ACTIVITY ▸
Leave the images out and write out each entry exactly as shown.

WORKING DATA ▸
=======
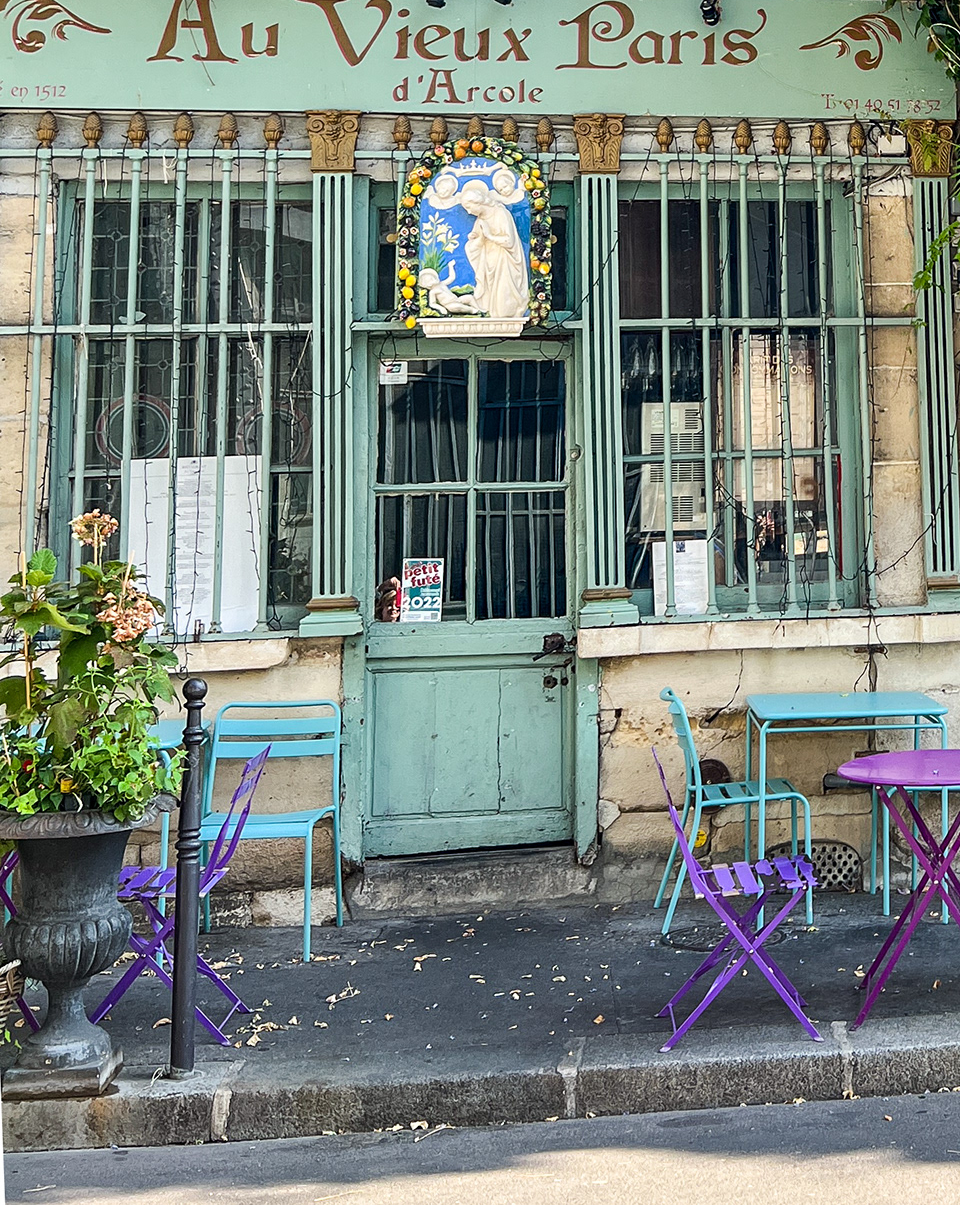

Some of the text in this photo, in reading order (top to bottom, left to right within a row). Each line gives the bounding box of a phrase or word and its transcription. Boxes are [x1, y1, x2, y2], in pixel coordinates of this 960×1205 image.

[555, 0, 767, 70] Paris
[11, 85, 67, 103] en 1512
[392, 68, 544, 104] d'Arcole
[865, 99, 882, 112] 40
[404, 563, 439, 580] petit
[411, 573, 440, 587] futé
[403, 596, 440, 609] 2022
=======
PROBLEM SOLUTION ▸
Some of the text in this photo, in reading order (top to bottom, left to right within a row). Each line gives the bounding box of a phrase or word and its transcription. Boxes are [x1, y1, x2, y2], in pixel coordinates of this 960×1205 image.

[555, 0, 767, 70] Paris
[11, 85, 67, 103] en 1512
[392, 68, 544, 104] d'Arcole
[865, 99, 882, 112] 40
[404, 563, 439, 580] petit
[411, 573, 440, 587] futé
[403, 596, 440, 609] 2022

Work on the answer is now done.